Германские народы, принявшие протестантизм, отнюдь не сбросили диктатуру церкви, а просто поменяли шило на мыло. Энгельс сам, понимая это, тут же добавляет, противореча тому, что им же было сказано выше: «характерно, что протестанты перещеголяли католиков в преследовании свободного изучения природы». Коперник, который «бросил – хотя и робко и, так сказать, лишь на смертном одре – вызов церковному авторитету в вопросах природы» в 1543 году, был католиком, а протестант Кальвина сжег Сервета в Женеве в 1553-м. В 1600 году случилось упоминаемое далее сожжение Джордано Бруно, а Галилео Галилей свое легендарное E pur si muove! – «И все-таки она вертится!», – с которого «начинает свое летосчисление освобождение естествознания от теологии», произнес после суда инквизиции в 1616 году, то есть уже в Сеиченто, а не Чинквеченто. А это уж никак не Ренессанс. В общем, написано прекрасно, но разъезжается, что и немудрено, когда пытаешься конкретизировать такое расплывчатое понятие, как «эпоха». Вот и Энгельс подумал: Che sarà! – «Что ж это будет!» – и, за недостатком времени и сил, чтобы не впасть в бред из-за всей этой путаницы, что возникает, как только дернешь за Реформацию ли, за Ренессанс или за Чинквеченто, бросил свой замысел недописанным и недоделанным. Ничего у него с введением новой эпохи титанов не вышло. Готовая страница блестит, как горлышко разбитой бутылки на плотине, но бесполезно, лунная ночь не готова. При чтении этого текста в голове свербит: «Чем, интересно, автор продолжил бы. Как бы он концы с концами свел».
Целью Энгельса было установление связи очевидного успеха искусства XVI века с техническими и научными достижениями и утверждение освобождения духа от диктата церкви, приведшее к марксизму.

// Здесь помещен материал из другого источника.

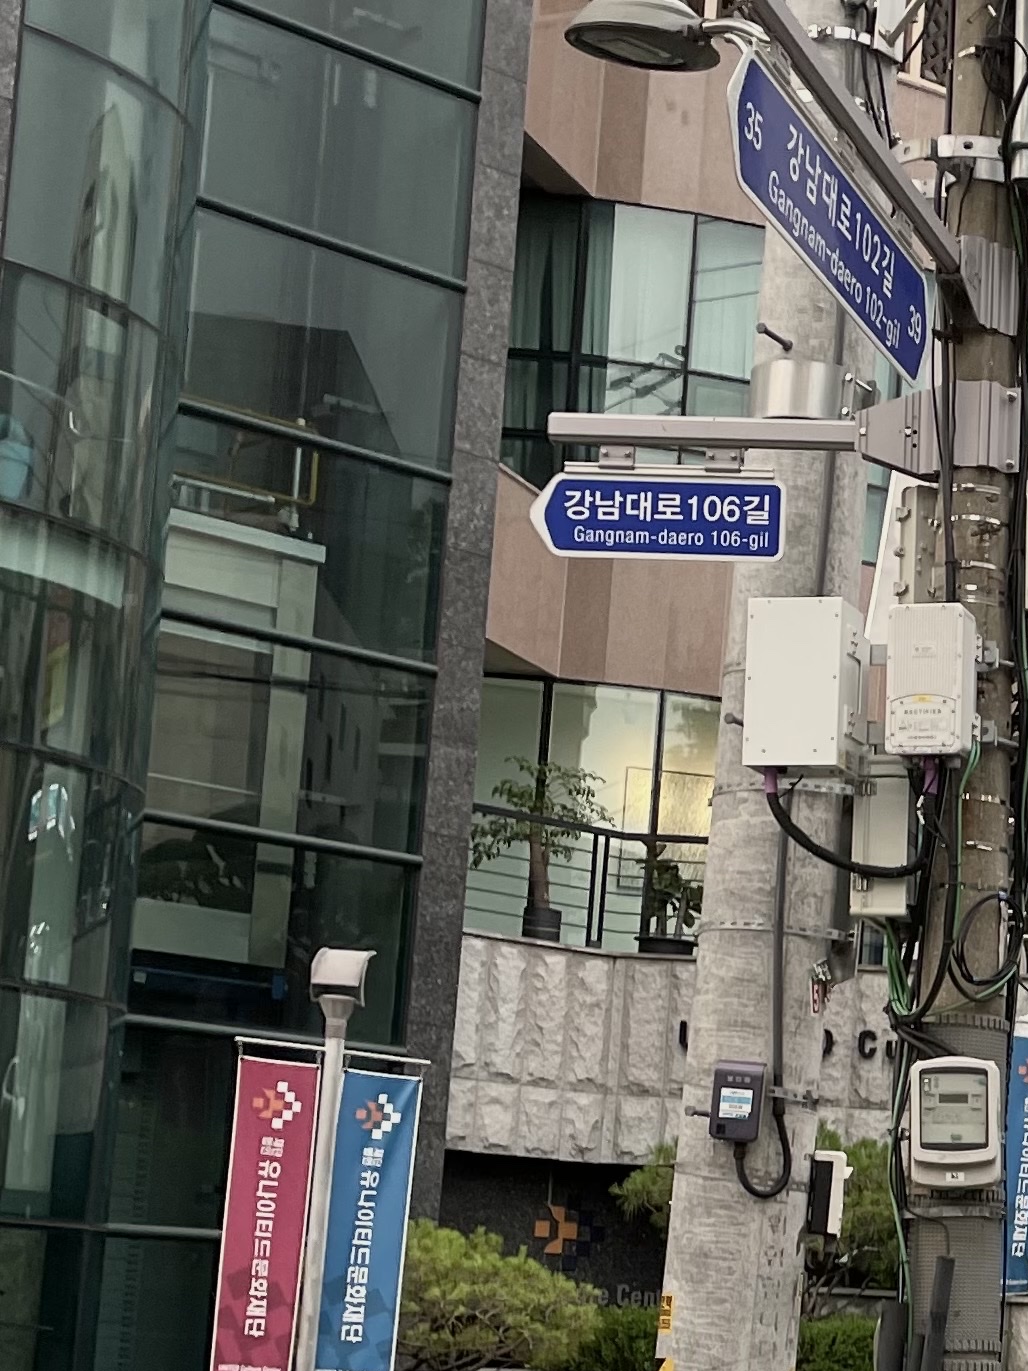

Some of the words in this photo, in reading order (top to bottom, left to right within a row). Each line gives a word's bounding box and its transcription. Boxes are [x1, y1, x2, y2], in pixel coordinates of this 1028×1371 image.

[744, 102, 763, 151] 35
[768, 170, 863, 304] Gangnam-daero
[865, 286, 901, 350] 102-gil
[787, 124, 895, 299] 강남대로102길
[907, 304, 922, 345] 39
[563, 489, 770, 526] 강남대로106길
[573, 526, 704, 547] Gangnam-daero
[710, 530, 769, 551] 106-gil
[244, 1159, 283, 1338] 유나이티드문화재단
[340, 1170, 380, 1344] 유나이티드문화재단
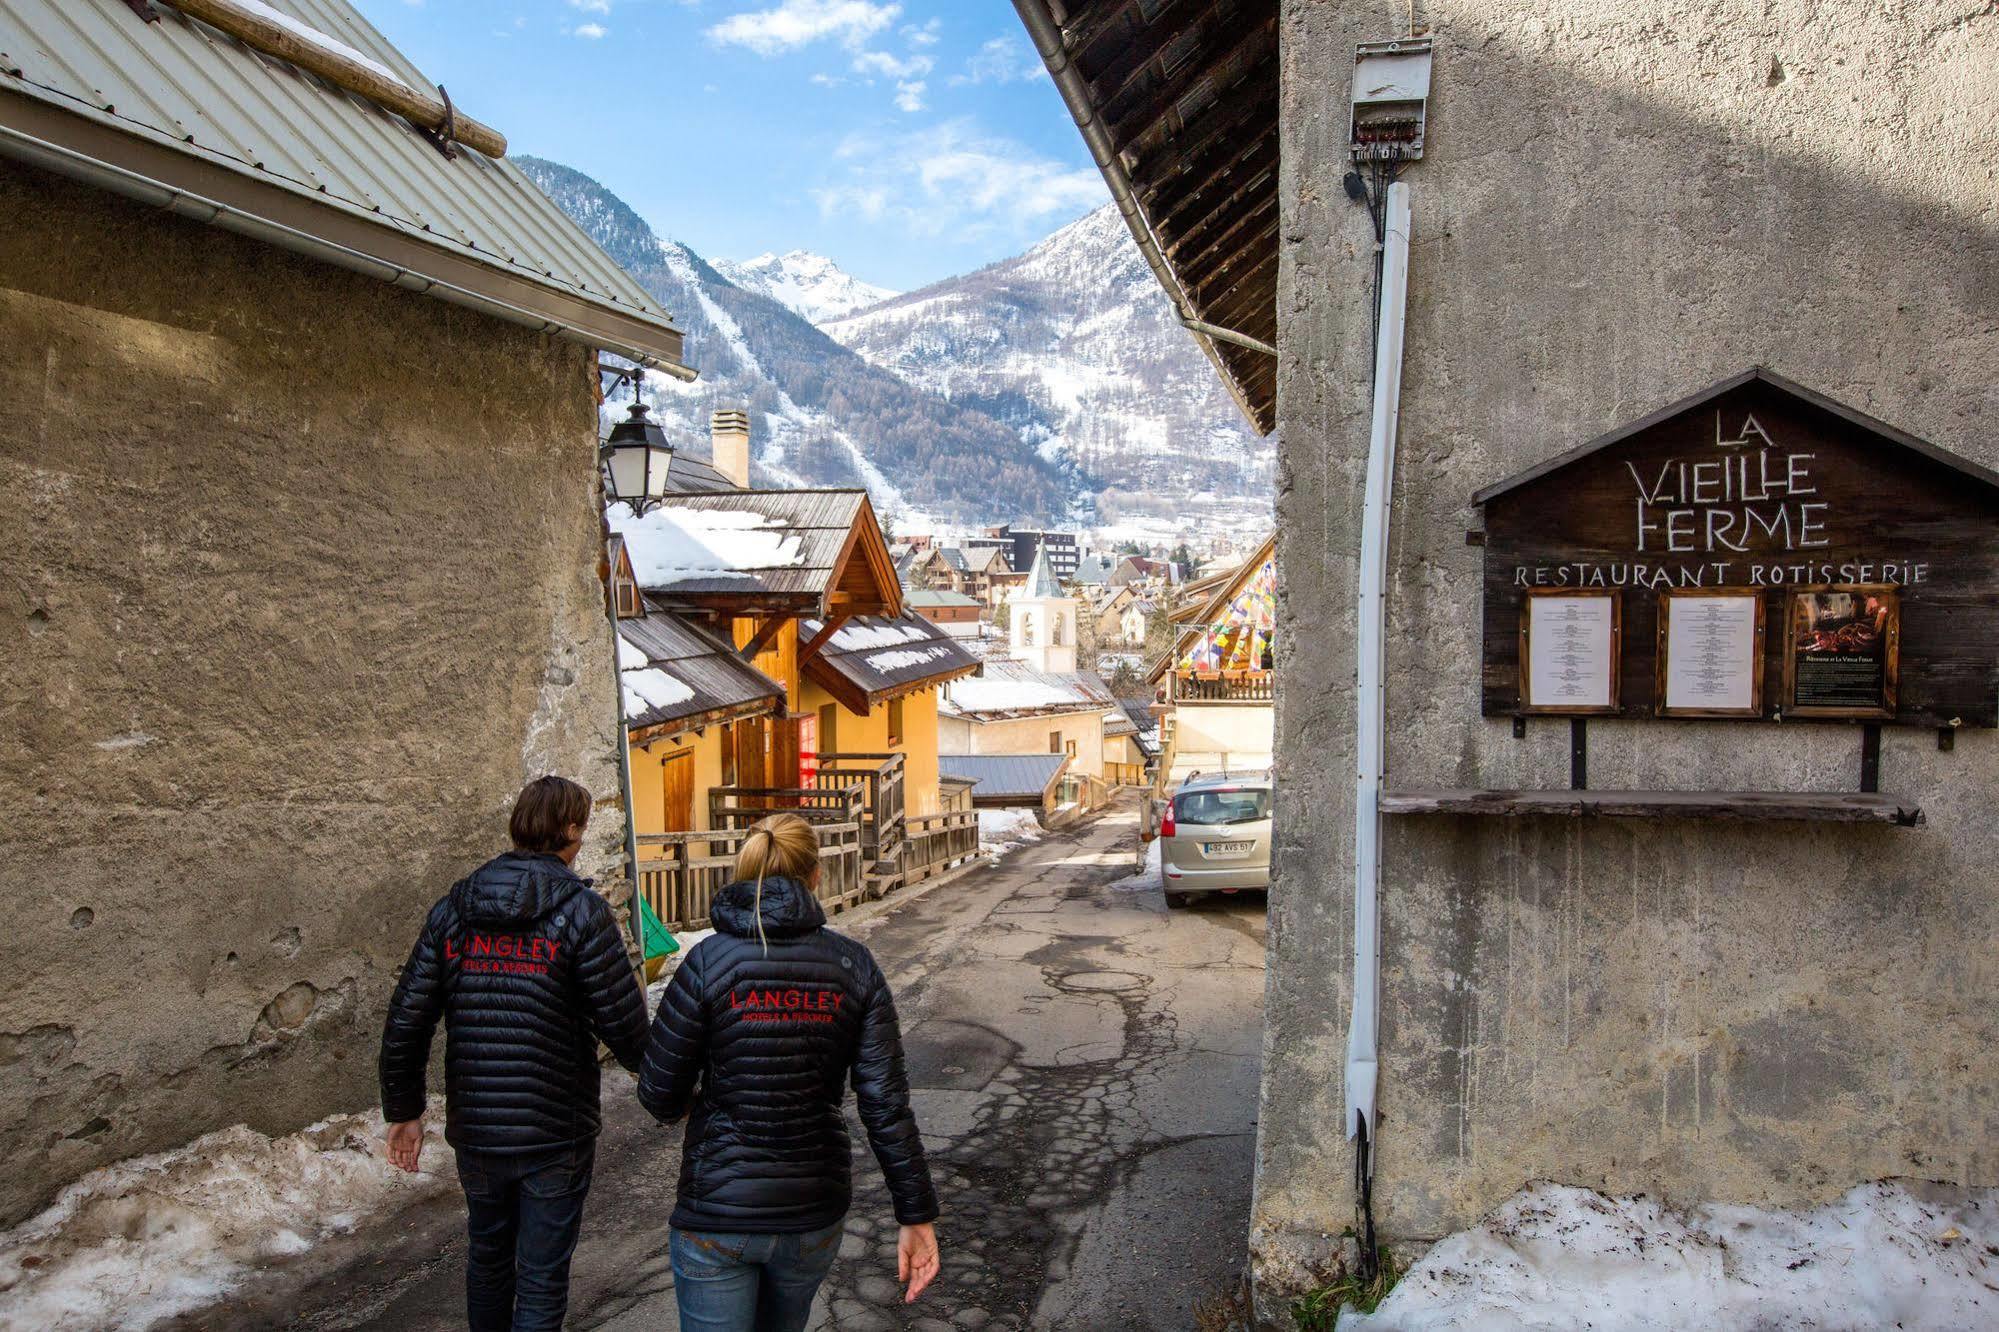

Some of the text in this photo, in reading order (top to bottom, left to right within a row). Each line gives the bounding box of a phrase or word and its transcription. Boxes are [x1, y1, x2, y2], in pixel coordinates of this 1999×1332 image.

[1716, 409, 1776, 447] LA
[1624, 447, 1817, 505] VIEILLE
[1636, 497, 1830, 552] FERME
[1513, 561, 1731, 591] RESTAURANT
[731, 990, 844, 1009] LANGLEY
[742, 1012, 780, 1022] HOTELS

То, что эти успехи были теснейшим образом связаны с церковью, он решил игнорировать. Будучи традиционалистом в своих художественных вкусах, Энгельс под титанами подразумевает только Высокий Ренессанс. В тонкости различий периодов он не входит, зная Леонардо, Микеланджело и Рафаэля да Дюрера, и еще, возможно, Тициана. Именно их он и подразумевает, говоря о невиданном и недостижимом расцвете. В своей табели о рангах Энгельс отнюдь не оригинален, идя на поводу у традиционного академизма, так что классическая же Греция с ренессансной Италией благодаря основоположнику марксизма-ленинизма получили в искусствоведении первого в мире рабоче-крестьянского государства режим наибольшего благоприятствования. Уже ко времени написания «Диалектики природы» подобная расстановка приоритетов безнадежно устарела, что уж говорить о XX веке, но ученых, вооруженных марксистско-ленинской методологией, не смутила ни ортодоксальность, ни недоделанность. Строители нового советского и марксистско-ленинского ренессансоведения текстик Энгельса сделали священным и вечным. Характеристика, полученная от одного из святой троицы коммунизма – кажется, в ней Энгельс, соответственно ангельской фамилии, исполняет роль Святого Духа при Марксе-Отце и Ленине-Сыне, – стала обязательной. О чем бы ни говорил советский исследователь, о Данте или о Джотто, о литературе или архитектуре, о Боттичелли или Макиавелли, в предисловие он обязан был вставить цитату про титанов. Зато она давала carte blanche на изучение итальянского Ренессанса. Основываясь на этом архаичном тесте, советское искусствоведение принялось строить свой, собственный Ренессанс, создававшийся в прямом противостоянии всему развитию Kunstwissenschaft, буржуазный.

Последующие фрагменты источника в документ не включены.